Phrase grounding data
====

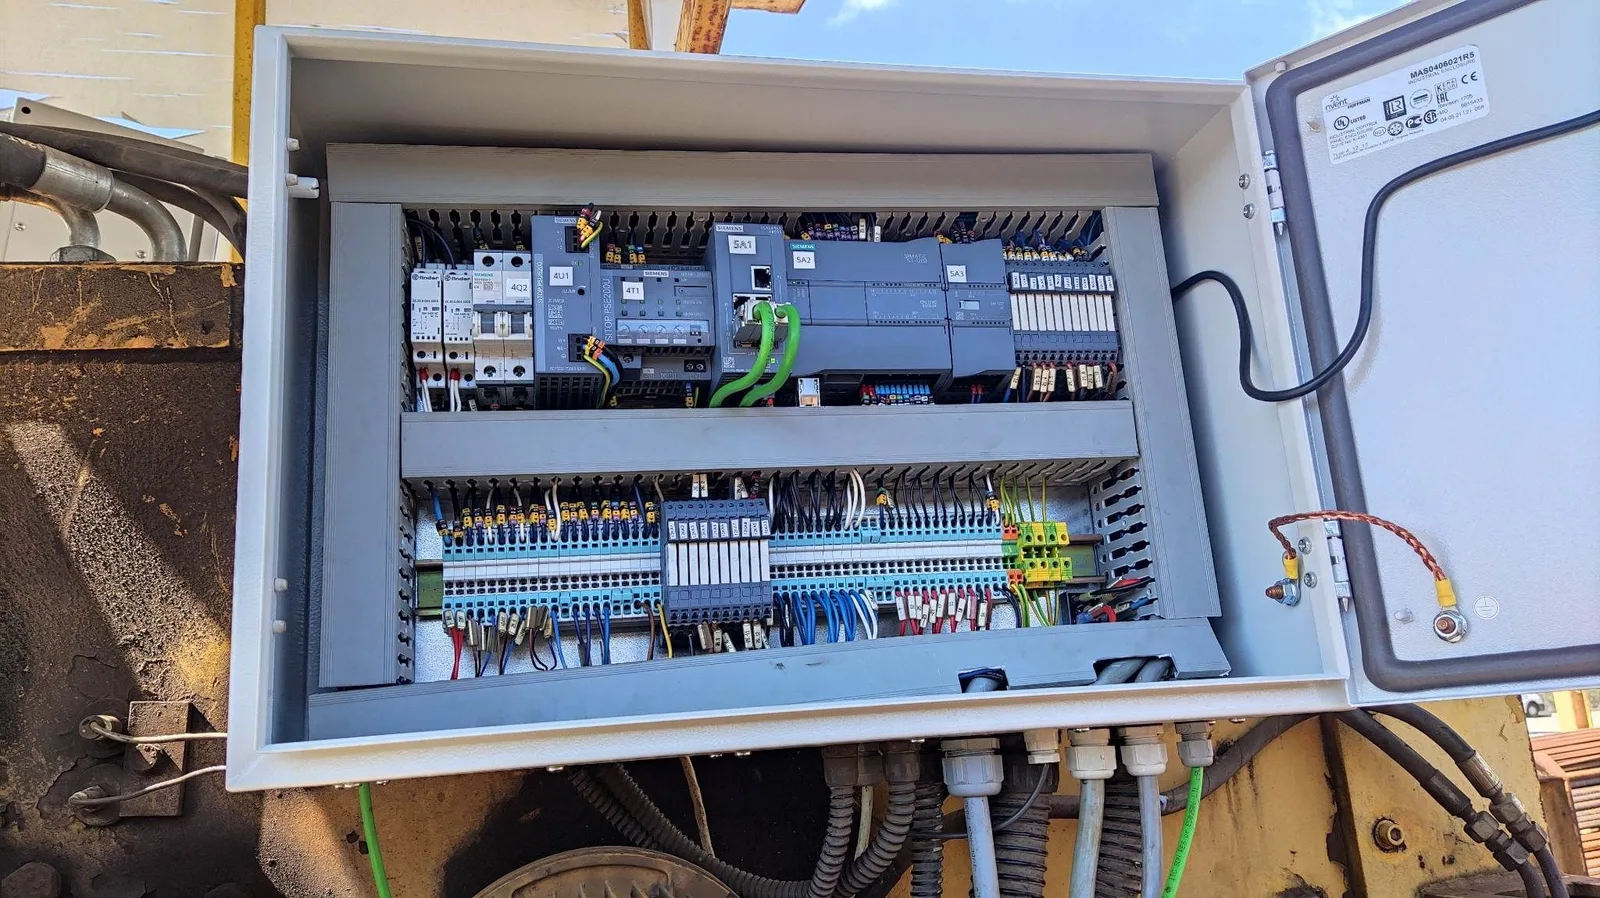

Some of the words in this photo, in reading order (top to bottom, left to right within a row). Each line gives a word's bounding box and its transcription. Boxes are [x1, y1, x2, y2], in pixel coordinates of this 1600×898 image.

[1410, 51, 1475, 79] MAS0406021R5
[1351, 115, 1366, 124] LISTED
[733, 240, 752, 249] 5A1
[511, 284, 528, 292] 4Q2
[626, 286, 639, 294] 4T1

====

The entries are to be restated word for word, with pictures omitted.

Some of the words in this photo, in reading order (top to bottom, left to right within a row). Each line gives a word's bounding box and its transcription. Boxes are [x1, y1, x2, y2], in pixel coordinates of this 1600×898 image.

[1410, 51, 1475, 79] MAS0406021R5
[1351, 115, 1366, 124] LISTED
[733, 240, 752, 249] 5A1
[511, 284, 528, 292] 4Q2
[626, 286, 639, 294] 4T1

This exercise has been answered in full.